Listed records Block Start

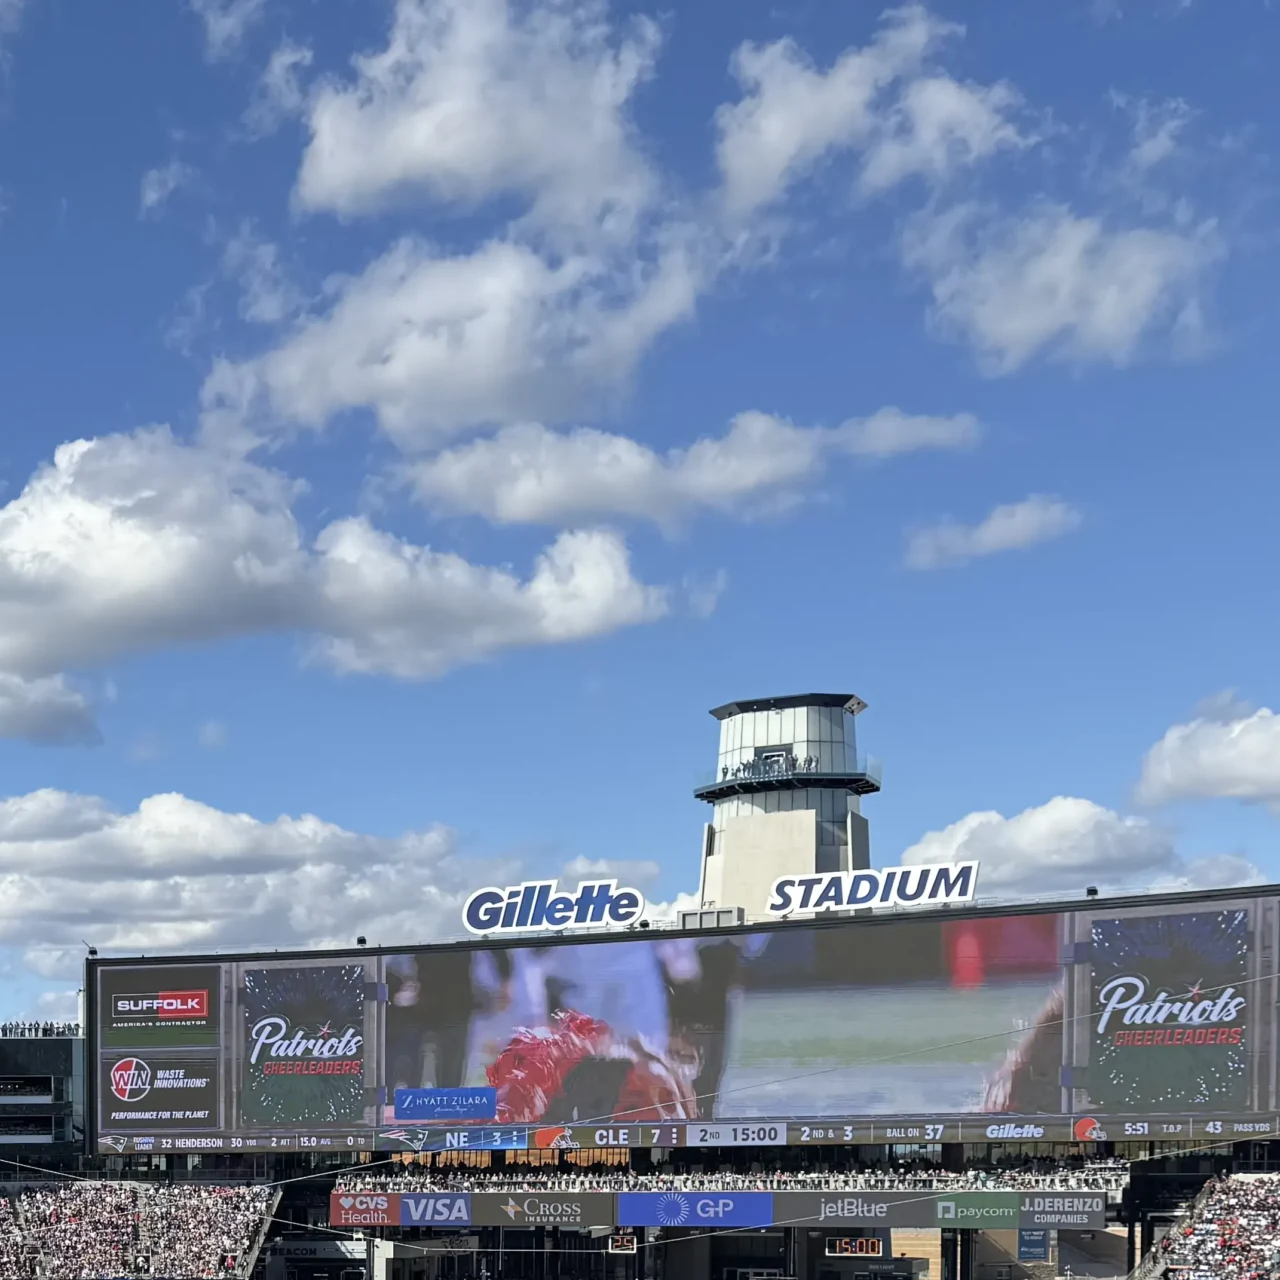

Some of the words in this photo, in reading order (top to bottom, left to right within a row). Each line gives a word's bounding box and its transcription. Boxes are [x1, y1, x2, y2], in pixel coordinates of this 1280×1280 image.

[767, 863, 975, 913] STADIUM
[466, 882, 642, 931] Gillette
[117, 999, 200, 1010] SUFFOLK
[1096, 976, 1247, 1035] Patriots
[250, 1017, 363, 1063] Patriots
[1113, 1027, 1242, 1047] CHEERLEADERS
[157, 1069, 185, 1079] WASTE
[263, 1060, 361, 1075] CHEERLEADERS
[113, 1070, 148, 1089] WIN
[153, 1078, 208, 1088] INNOVATIONS
[416, 1096, 448, 1106] HYATT
[452, 1095, 488, 1105] ZILARA
[111, 1111, 157, 1120] PERFORMANCE
[158, 1111, 170, 1119] FOR
[185, 1110, 209, 1118] PLANET
[699, 1128, 720, 1142] 2ND
[732, 1126, 778, 1142] 15:00
[843, 1126, 853, 1140] 3
[886, 1128, 905, 1137] BALL
[907, 1127, 919, 1137] ON
[924, 1124, 944, 1140] 37
[986, 1123, 1044, 1139] Gillette
[1124, 1123, 1149, 1135] 5:51
[1206, 1121, 1223, 1134] 43
[1234, 1123, 1253, 1132] PASS
[1254, 1122, 1270, 1132] YDS
[161, 1139, 172, 1148] 32
[175, 1138, 223, 1148] HENDERSON
[231, 1138, 243, 1147] 30
[271, 1137, 277, 1147] 2
[300, 1137, 317, 1147] 15.0
[347, 1136, 353, 1146] 0
[445, 1132, 469, 1147] NE
[493, 1131, 502, 1146] 3
[595, 1129, 629, 1145] CLE
[651, 1128, 660, 1143] 7
[355, 1196, 388, 1210] CVS
[407, 1198, 469, 1221] VISA
[819, 1198, 888, 1220] jetBlue
[1021, 1198, 1103, 1212] J.DERENZO
[957, 1203, 1014, 1219] paycom
[1034, 1214, 1089, 1224] COMPANIES
[613, 1237, 632, 1250] 25
[836, 1239, 878, 1254] 15:00
[270, 1247, 317, 1257] BEACON

Listed records Block End

[What needs to be done]
Each entry should come back exactly as written, with its pictures omitted.

[Solution for this task]
Some of the words in this photo, in reading order (top to bottom, left to right within a row). Each line gives a word's bounding box and its transcription. Boxes are [x1, y1, x2, y2], in pixel coordinates of this 1280×1280 image.

[767, 863, 975, 913] STADIUM
[466, 882, 642, 931] Gillette
[117, 999, 200, 1010] SUFFOLK
[1096, 976, 1247, 1035] Patriots
[250, 1017, 363, 1063] Patriots
[1113, 1027, 1242, 1047] CHEERLEADERS
[157, 1069, 185, 1079] WASTE
[263, 1060, 361, 1075] CHEERLEADERS
[113, 1070, 148, 1089] WIN
[153, 1078, 208, 1088] INNOVATIONS
[416, 1096, 448, 1106] HYATT
[452, 1095, 488, 1105] ZILARA
[111, 1111, 157, 1120] PERFORMANCE
[158, 1111, 170, 1119] FOR
[185, 1110, 209, 1118] PLANET
[699, 1128, 720, 1142] 2ND
[732, 1126, 778, 1142] 15:00
[843, 1126, 853, 1140] 3
[886, 1128, 905, 1137] BALL
[907, 1127, 919, 1137] ON
[924, 1124, 944, 1140] 37
[986, 1123, 1044, 1139] Gillette
[1124, 1123, 1149, 1135] 5:51
[1206, 1121, 1223, 1134] 43
[1234, 1123, 1253, 1132] PASS
[1254, 1122, 1270, 1132] YDS
[161, 1139, 172, 1148] 32
[175, 1138, 223, 1148] HENDERSON
[231, 1138, 243, 1147] 30
[271, 1137, 277, 1147] 2
[300, 1137, 317, 1147] 15.0
[347, 1136, 353, 1146] 0
[445, 1132, 469, 1147] NE
[493, 1131, 502, 1146] 3
[595, 1129, 629, 1145] CLE
[651, 1128, 660, 1143] 7
[355, 1196, 388, 1210] CVS
[407, 1198, 469, 1221] VISA
[819, 1198, 888, 1220] jetBlue
[1021, 1198, 1103, 1212] J.DERENZO
[957, 1203, 1014, 1219] paycom
[1034, 1214, 1089, 1224] COMPANIES
[613, 1237, 632, 1250] 25
[836, 1239, 878, 1254] 15:00
[270, 1247, 317, 1257] BEACON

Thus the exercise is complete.